AUSTIN, TX—Social networking behemoth Facebook today issued no comments or statements of any kind on whether it plans to acquire a small personal blog for $19 billion. Or not.
The deal would be the largest ever for a site few have ever heard of, even fewer read, and which, despite half-hearted attempts at monetization through Amazon’s affiliate banner program, has earned no revenue.
The purported transaction comes on the heels of Facebook’s announcement that it would acquire WhatsApp, a text messaging service, for $16 billion.
“Ah, I can’t talk about that. I’m writing a fantasy blog post right now,” said Rich Malley, Oblogatory’s founder and Chief Content Officer, in response to the rumors. “All I can say is that nothing would change around here. Our readers—and I mean both of them—can expect us to continue delivering the same uneven content on the same sporadic schedule.”
If completed, the deal is expected to be for $1 billion in cash, with the rest paid over time in stock options, promissory notes, high-end luxury cars, sumptuous meals, top shelf liquor, vacation getaways, and “pretty, shiny things.”

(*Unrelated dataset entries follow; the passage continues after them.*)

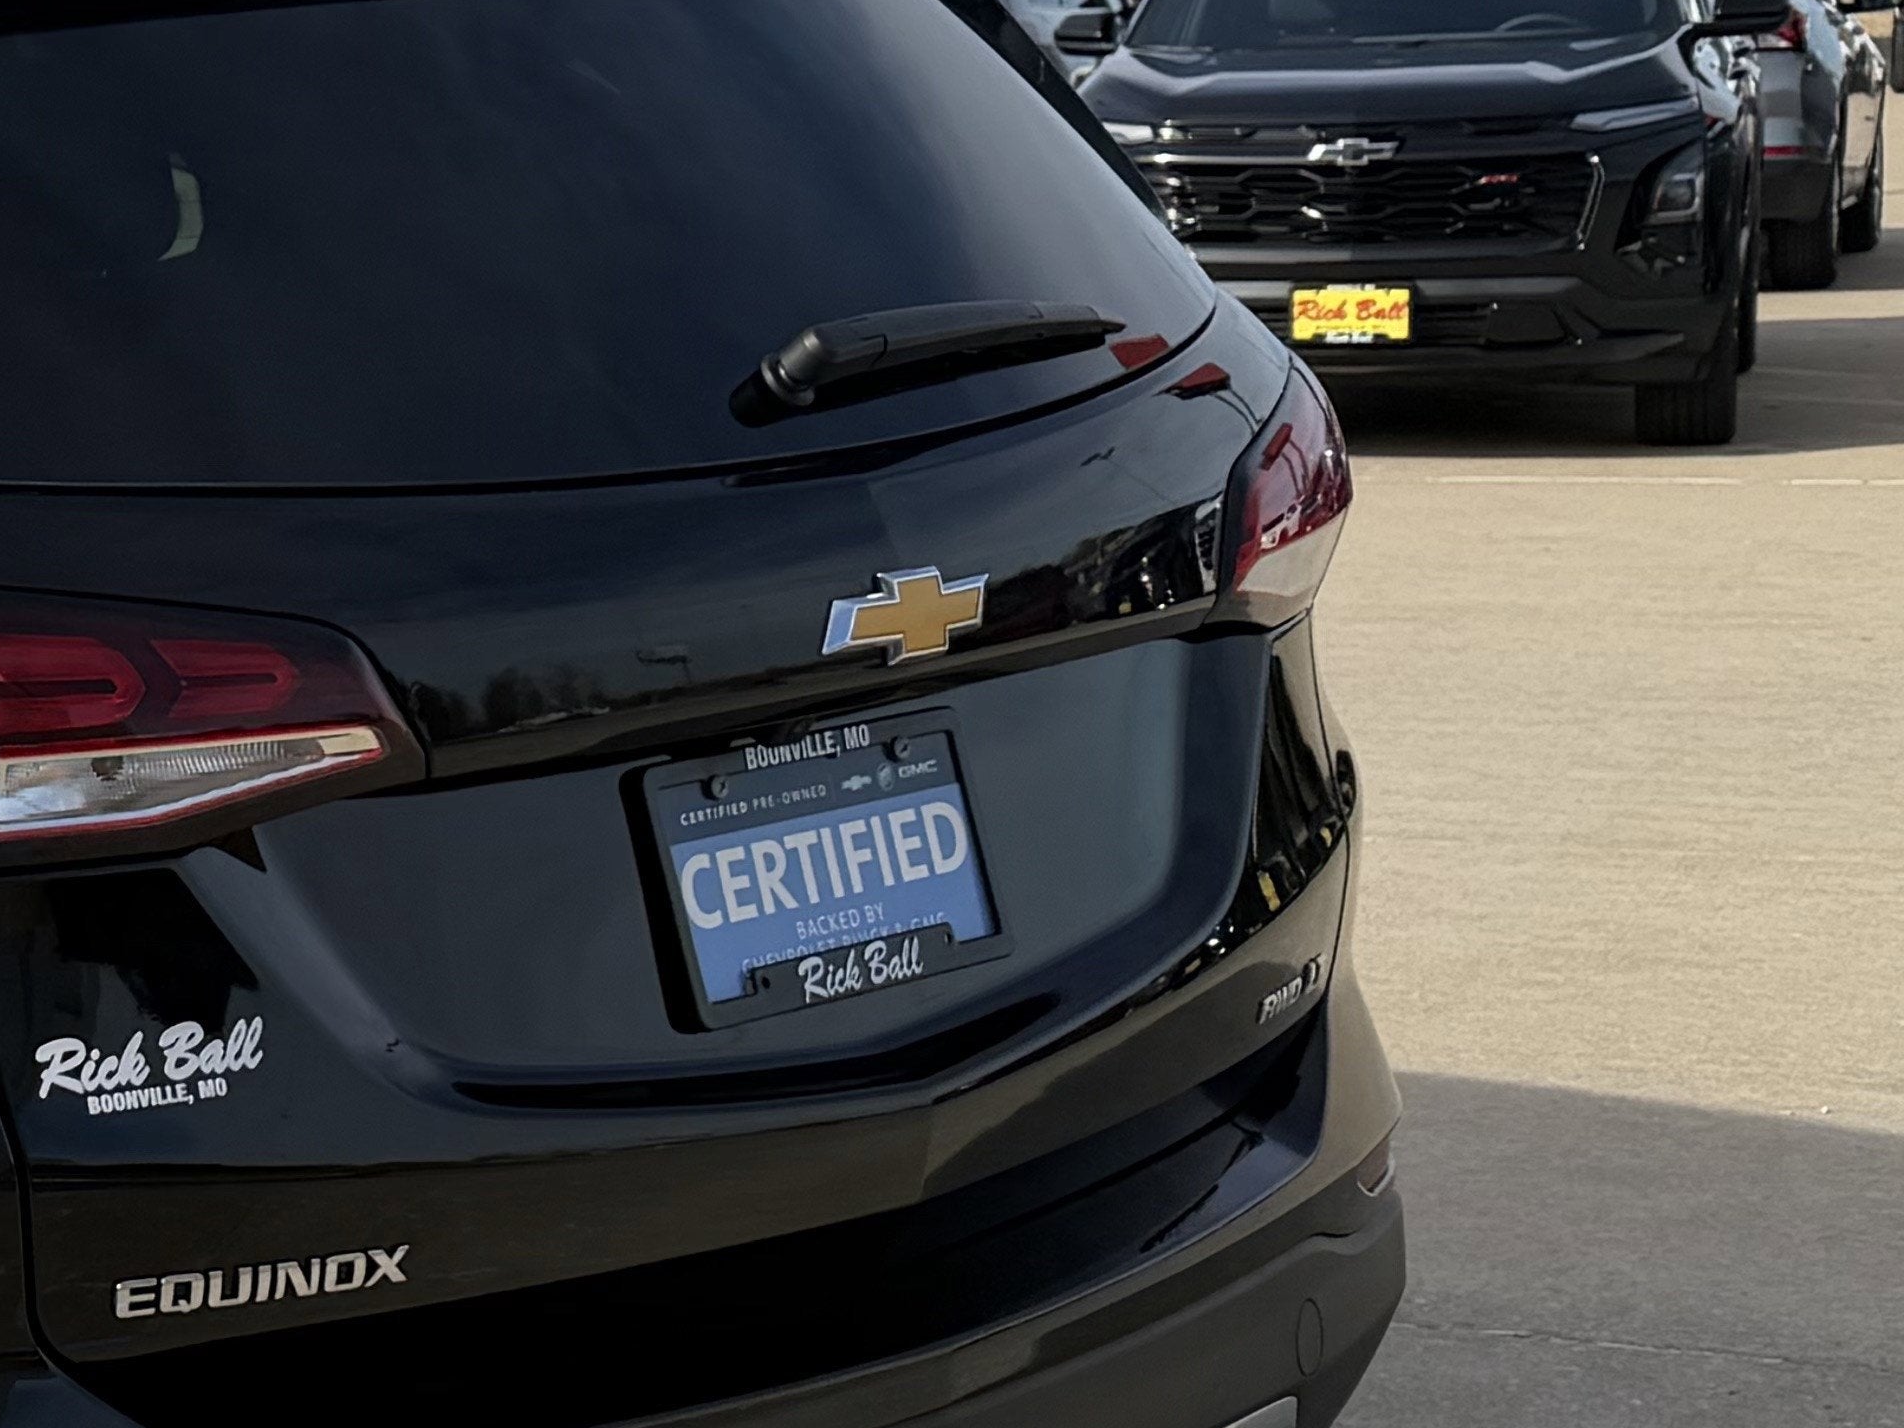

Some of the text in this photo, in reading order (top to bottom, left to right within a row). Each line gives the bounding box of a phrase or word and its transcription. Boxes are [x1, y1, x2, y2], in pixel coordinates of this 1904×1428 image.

[1294, 299, 1409, 320] Rick Ball
[843, 724, 870, 750] MO
[898, 760, 938, 778] GMC
[680, 784, 827, 826] CERTIFIED PRE-OWNED
[681, 802, 969, 929] CERTIFIED
[796, 903, 885, 940] BACKED BY
[798, 936, 924, 1003] Rick Ball
[35, 1016, 264, 1100] Rick Ball
[87, 1077, 228, 1115] BOONVILLE, MO
[115, 1244, 410, 1319] EQUINOX

While refusing to divulge actual numbers, Malley says that traffic for his little-known site is “well over nothing.”
“This is all about potential,” said Margaret Fulsome, an analyst of worthless web properties at Funyon-Ruffles, an investment advisory firm. “Zuckerberg must see some fantastic growth there, or else why all the rumors?”
Others weren’t so sure, with some suggesting that accounts of the deal were intended to drive up Oblogatory’s perceived value to Facebook’s competitors.
“I don’t see Facebook doing this deal for $19 billion,” said Fariq Monsoon, an adviser at Goober-Raisinet, once he stopped laughing. “I mean, maybe if Oblogatory can generate a little buzz with these rumors, some desperate company—I’m thinking Yahoo—might give it some credence and come in with a lowball offer, like $1 billion, maybe.”
Confronted with this speculation, Malley issued a one-word response: “Sold!”